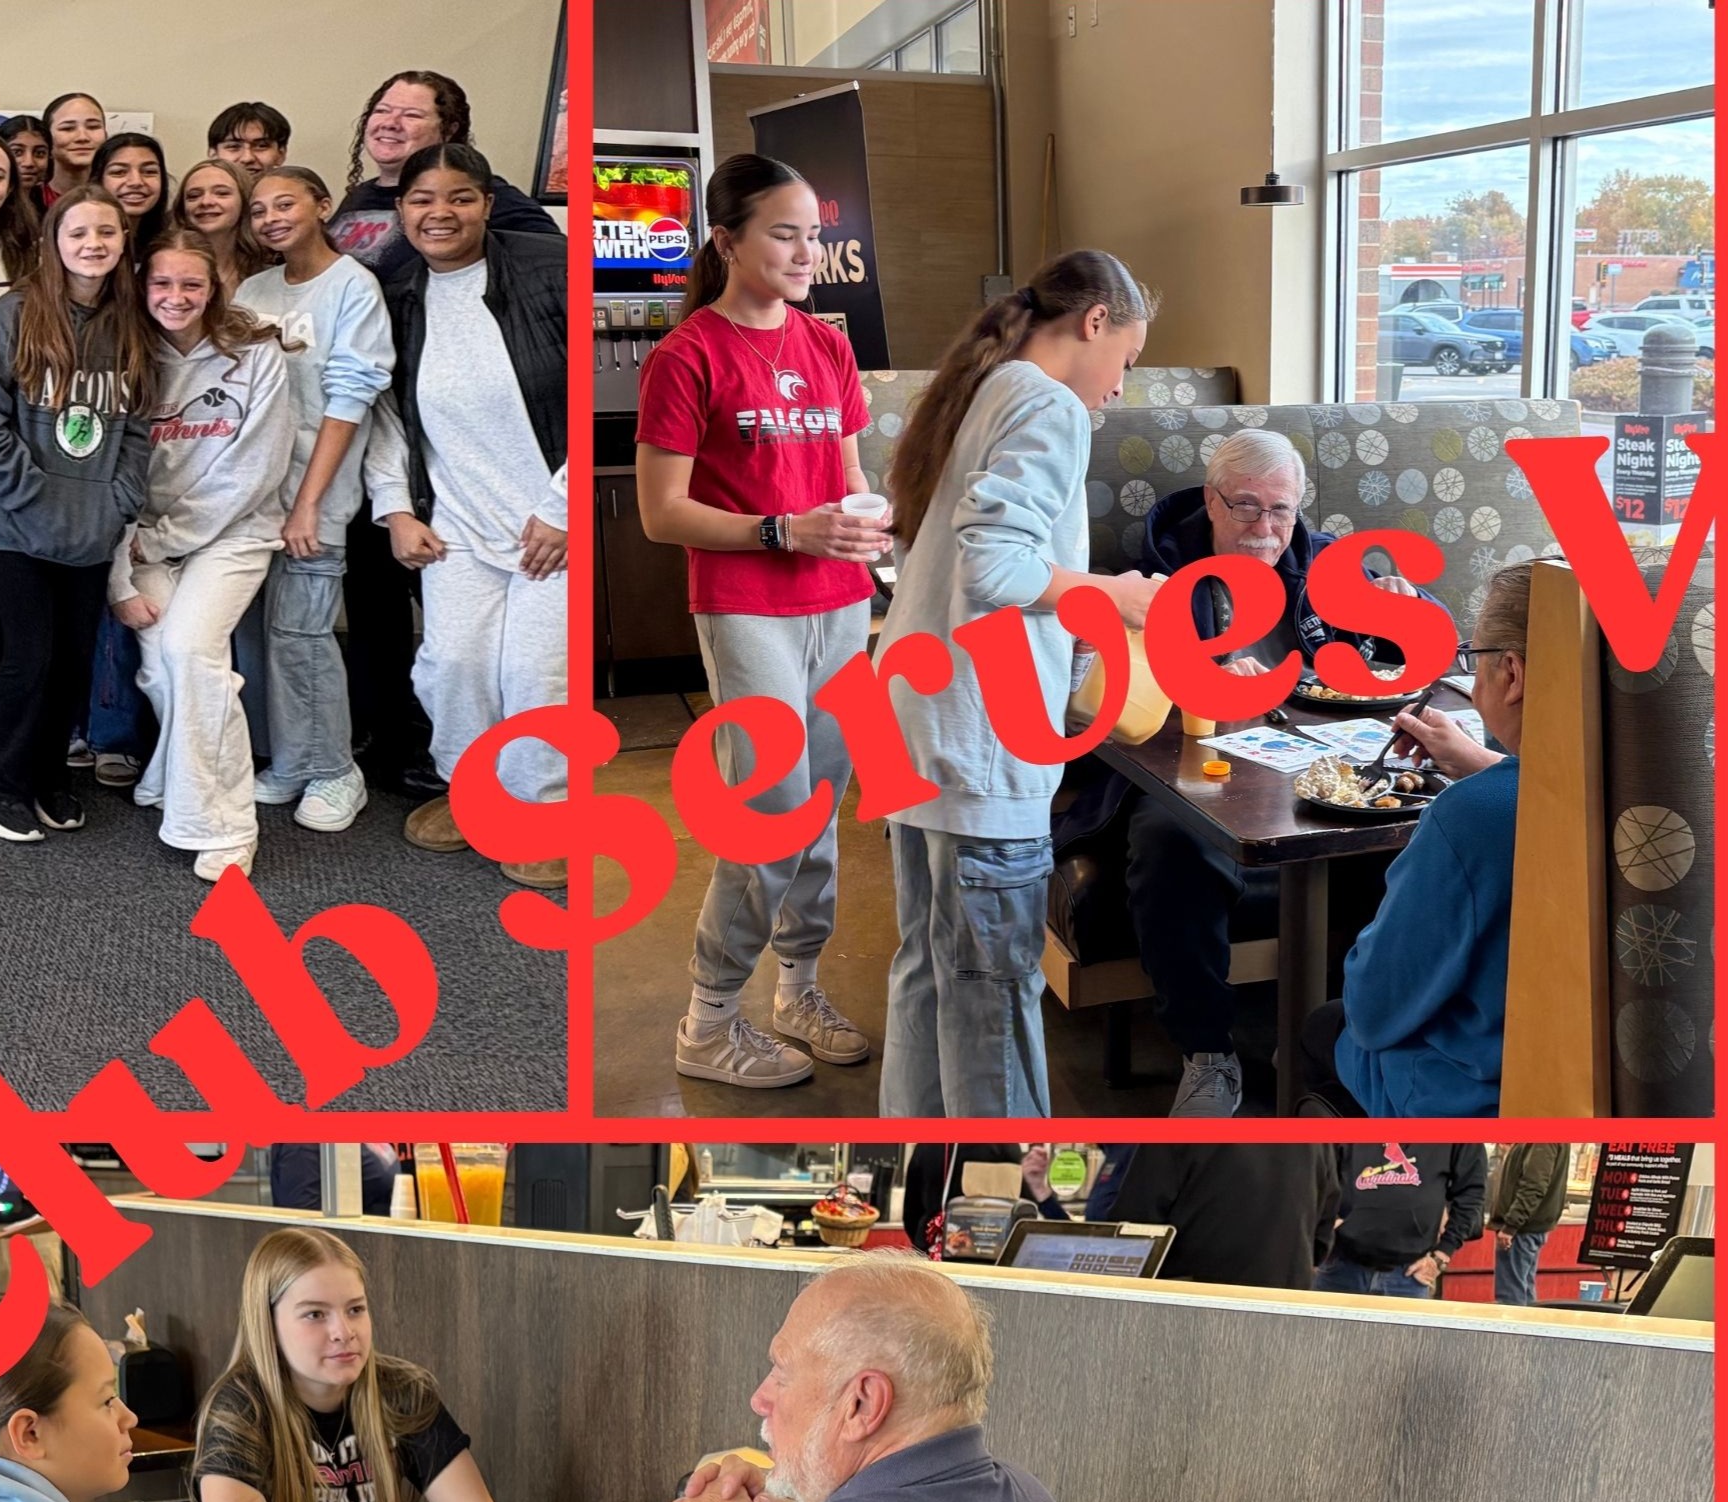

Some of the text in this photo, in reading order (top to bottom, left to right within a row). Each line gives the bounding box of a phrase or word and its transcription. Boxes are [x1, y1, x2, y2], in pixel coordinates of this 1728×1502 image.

[334, 219, 390, 251] FMS
[649, 234, 688, 245] PEPSI
[593, 238, 650, 259] WITH
[652, 273, 688, 286] HyVee
[736, 407, 843, 437] FALCON
[1616, 437, 1656, 453] Steak
[1666, 437, 1687, 453] Ste
[1616, 452, 1656, 470] Night
[1616, 497, 1645, 520] $12
[1355, 1171, 1422, 1190] Cardinals
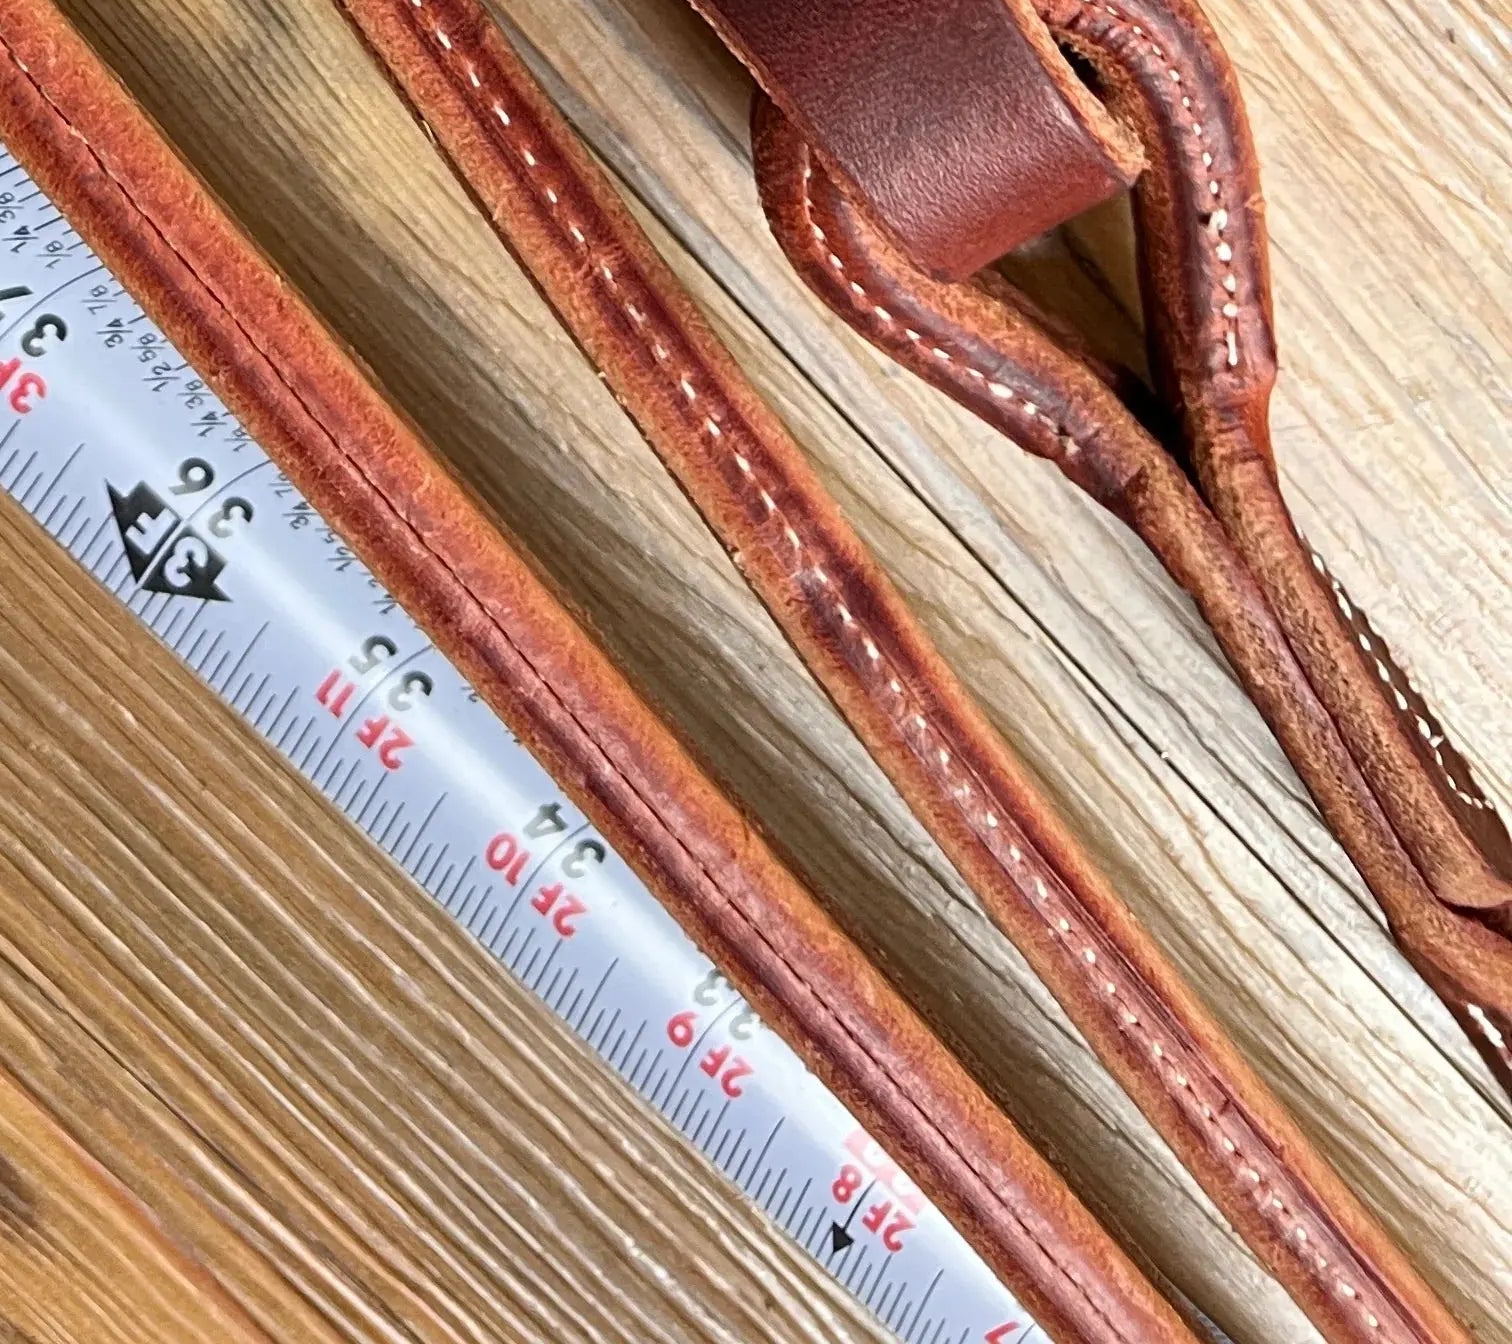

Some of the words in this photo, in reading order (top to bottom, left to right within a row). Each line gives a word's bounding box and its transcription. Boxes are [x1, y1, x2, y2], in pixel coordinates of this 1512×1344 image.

[3, 225, 38, 253] 1/4
[38, 241, 70, 268] 1/8
[81, 285, 117, 315] 7/8
[97, 318, 132, 348] 3/4
[130, 332, 166, 363] 5/8
[144, 362, 178, 392] 1/2
[192, 412, 225, 437] 1/4
[169, 456, 255, 539] 36
[126, 509, 209, 589] 3F
[348, 635, 434, 712] 35
[315, 669, 356, 719] 11
[522, 801, 606, 878] 34
[485, 832, 530, 887] 10
[666, 1011, 698, 1048] 9
[832, 1164, 863, 1204] 8
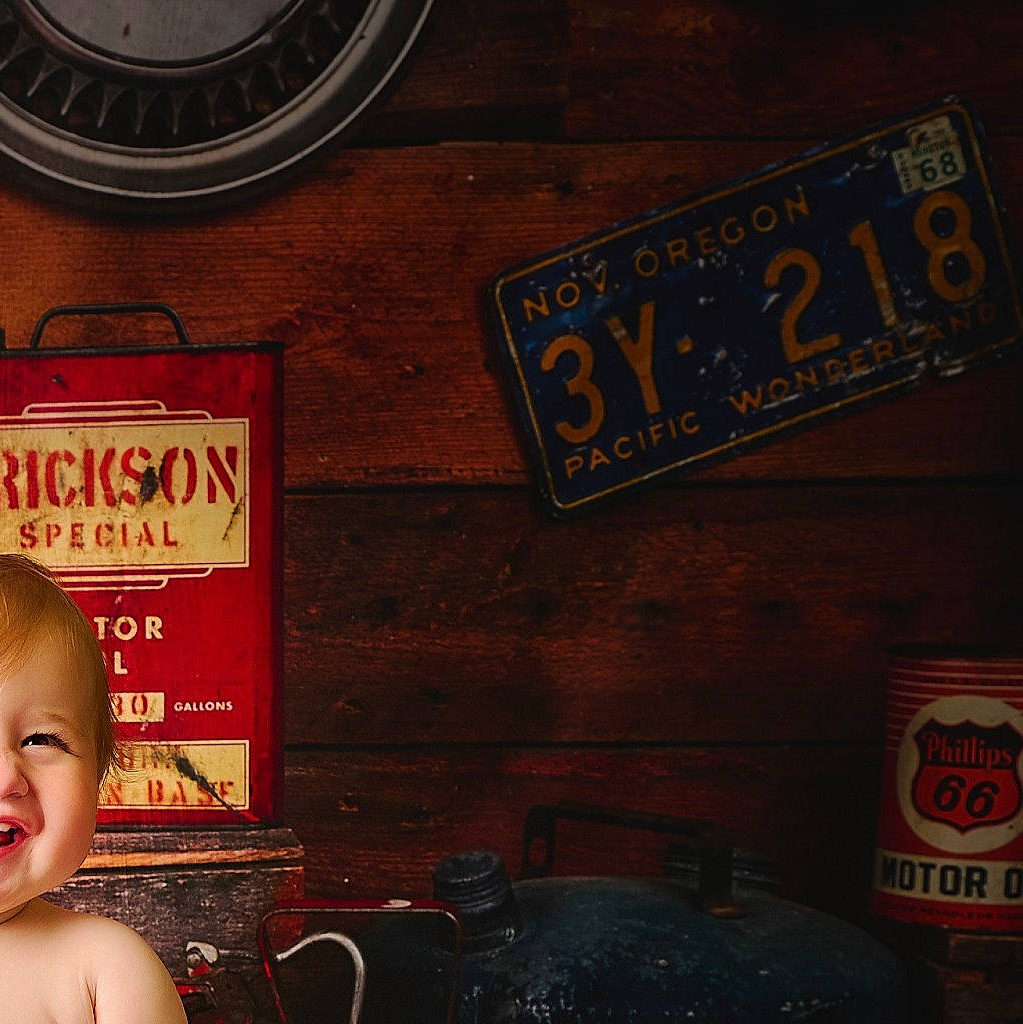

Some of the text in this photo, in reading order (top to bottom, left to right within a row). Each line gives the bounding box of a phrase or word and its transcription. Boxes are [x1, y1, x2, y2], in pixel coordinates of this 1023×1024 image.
● ● ● ● ●
▶ PROMPT
Please set down only the lines from the one containing "Some of the words" through the end of the entries, exactly as they stand, both ends included and with no pictures.

▶ RESULT FOR THIS TASK
Some of the words in this photo, in reading order (top to bottom, left to right within a row). Each line gives a word's bounding box and its transcription. Boxes are [x1, y1, x2, y2], in pixel coordinates of this 1512×1344 image.

[3, 225, 38, 253] 1/4
[38, 241, 70, 268] 1/8
[81, 285, 117, 315] 7/8
[97, 318, 132, 348] 3/4
[130, 332, 166, 363] 5/8
[144, 362, 178, 392] 1/2
[192, 412, 225, 437] 1/4
[169, 456, 255, 539] 36
[126, 509, 209, 589] 3F
[348, 635, 434, 712] 35
[315, 669, 356, 719] 11
[522, 801, 606, 878] 34
[485, 832, 530, 887] 10
[666, 1011, 698, 1048] 9
[832, 1164, 863, 1204] 8

Some of the text in this photo, in reading order (top to bottom, left to right within a row). Each line gives the bounding box of a phrase or word and its transcription. Boxes are [x1, y1, x2, y2], in pixel coordinates of this 1023×1024 image.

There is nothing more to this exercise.